Instructions for the task - Find the lines holding the string "Pelé" in the data, then copy all of them.
== Source material ==
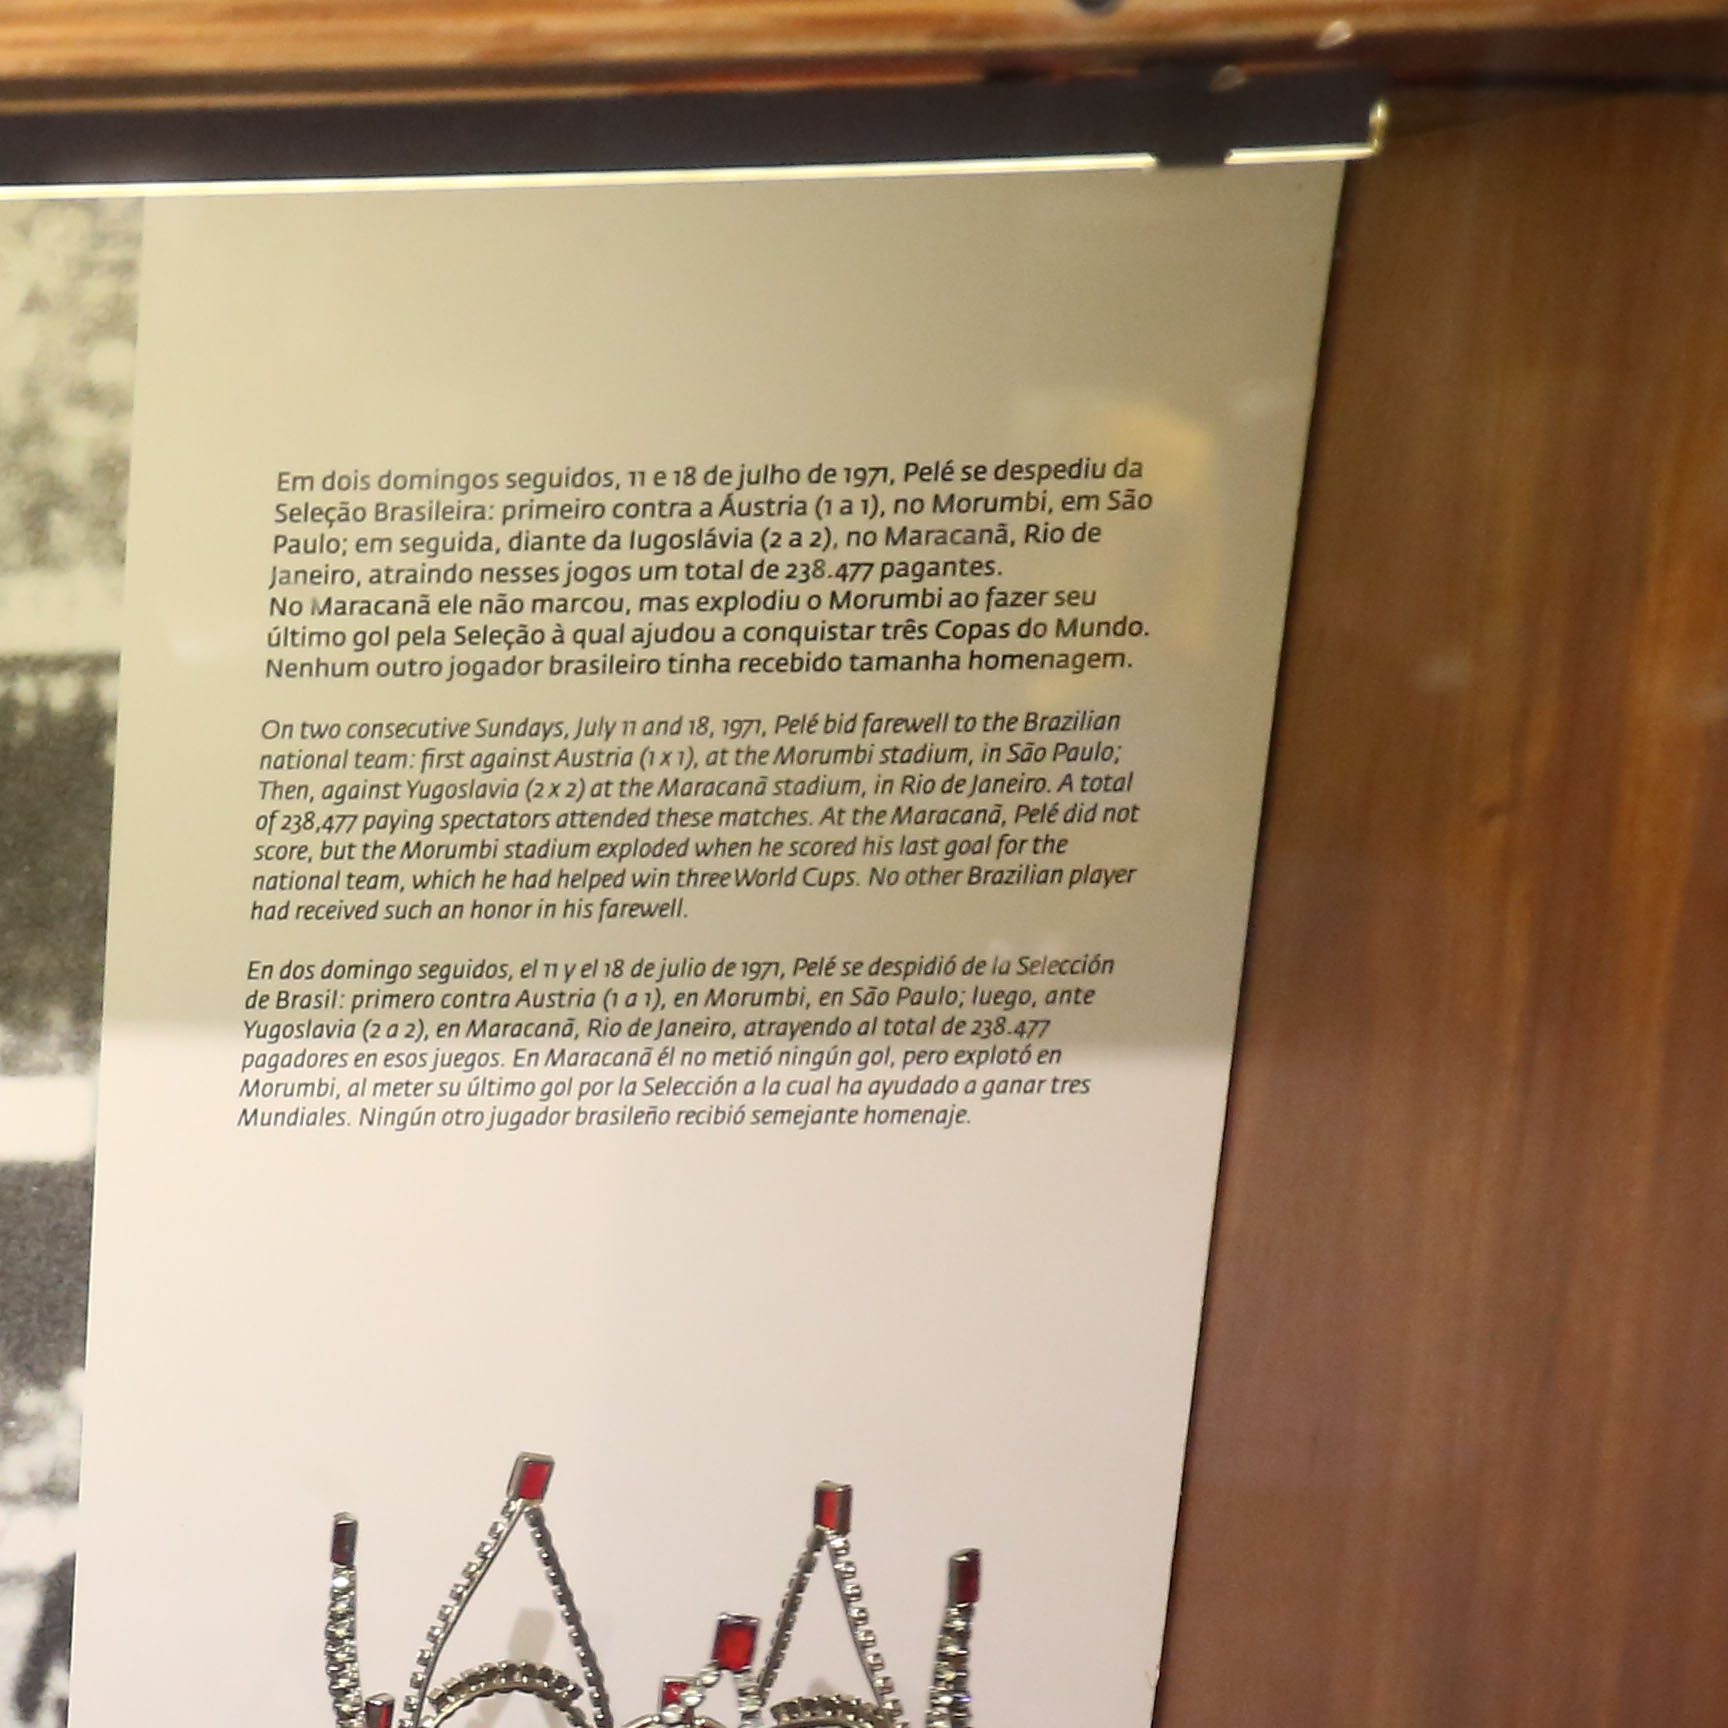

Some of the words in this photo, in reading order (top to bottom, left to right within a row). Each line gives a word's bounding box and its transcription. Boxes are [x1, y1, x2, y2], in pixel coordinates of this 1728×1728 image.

[276, 470, 315, 493] Em
[320, 468, 371, 492] dois
[376, 467, 500, 495] domingos
[504, 465, 621, 494] seguidos,
[626, 469, 647, 488] 11
[651, 469, 668, 488] e
[671, 464, 697, 487] 18
[702, 463, 733, 486] de
[734, 462, 801, 491] julho
[806, 461, 838, 485] de
[842, 465, 896, 488] 1971,
[902, 458, 955, 483] Pelé
[959, 463, 988, 482] se
[992, 456, 1107, 486] despediu
[1112, 456, 1144, 479] da
[266, 562, 361, 591] Janeiro,
[367, 561, 473, 585] atraindo
[479, 565, 560, 584] nesses
[561, 559, 632, 588] jogos
[637, 564, 678, 582] um
[684, 558, 744, 581] total
[749, 557, 780, 580] de
[783, 557, 875, 584] 238.477
[878, 557, 1003, 584] pagantes.
[264, 655, 369, 679] Nenhum
[375, 657, 443, 678] outro
[444, 654, 545, 682] jogador
[548, 652, 661, 676] brasileiro
[667, 651, 731, 675] tinha
[737, 650, 843, 674] recebido
[848, 649, 961, 673] tamanha
[967, 648, 1133, 675] homenagem.
[254, 808, 281, 836] of
[279, 809, 359, 835] 238,477
[361, 808, 435, 835] paying
[438, 810, 552, 835] spectators
[554, 806, 652, 829] attended
[655, 805, 714, 828] these
[717, 805, 813, 827] matches.
[817, 805, 847, 827] At
[850, 804, 888, 826] the
[889, 802, 1007, 828] Maracanã,
[1013, 801, 1060, 824] Pelé
[1062, 801, 1098, 824] did
[1101, 802, 1141, 824] not
[249, 899, 291, 921] had
[294, 898, 380, 921] received
[382, 898, 433, 921] such
[436, 903, 465, 920] an
[469, 898, 534, 920] honor
[536, 897, 557, 919] in
[561, 896, 594, 919] his
[597, 895, 689, 924] farewell.
[236, 1105, 351, 1127] Mundiales.
[358, 1104, 436, 1132] Ningún
[440, 1107, 485, 1127] otro
[484, 1104, 572, 1132] jugador
[574, 1104, 671, 1126] brasileño
[675, 1103, 746, 1126] recibió
[749, 1103, 859, 1130] semejante
[862, 1102, 971, 1130] homenaje.
===
Answer -
[902, 458, 955, 483] Pelé
[1013, 801, 1060, 824] Pelé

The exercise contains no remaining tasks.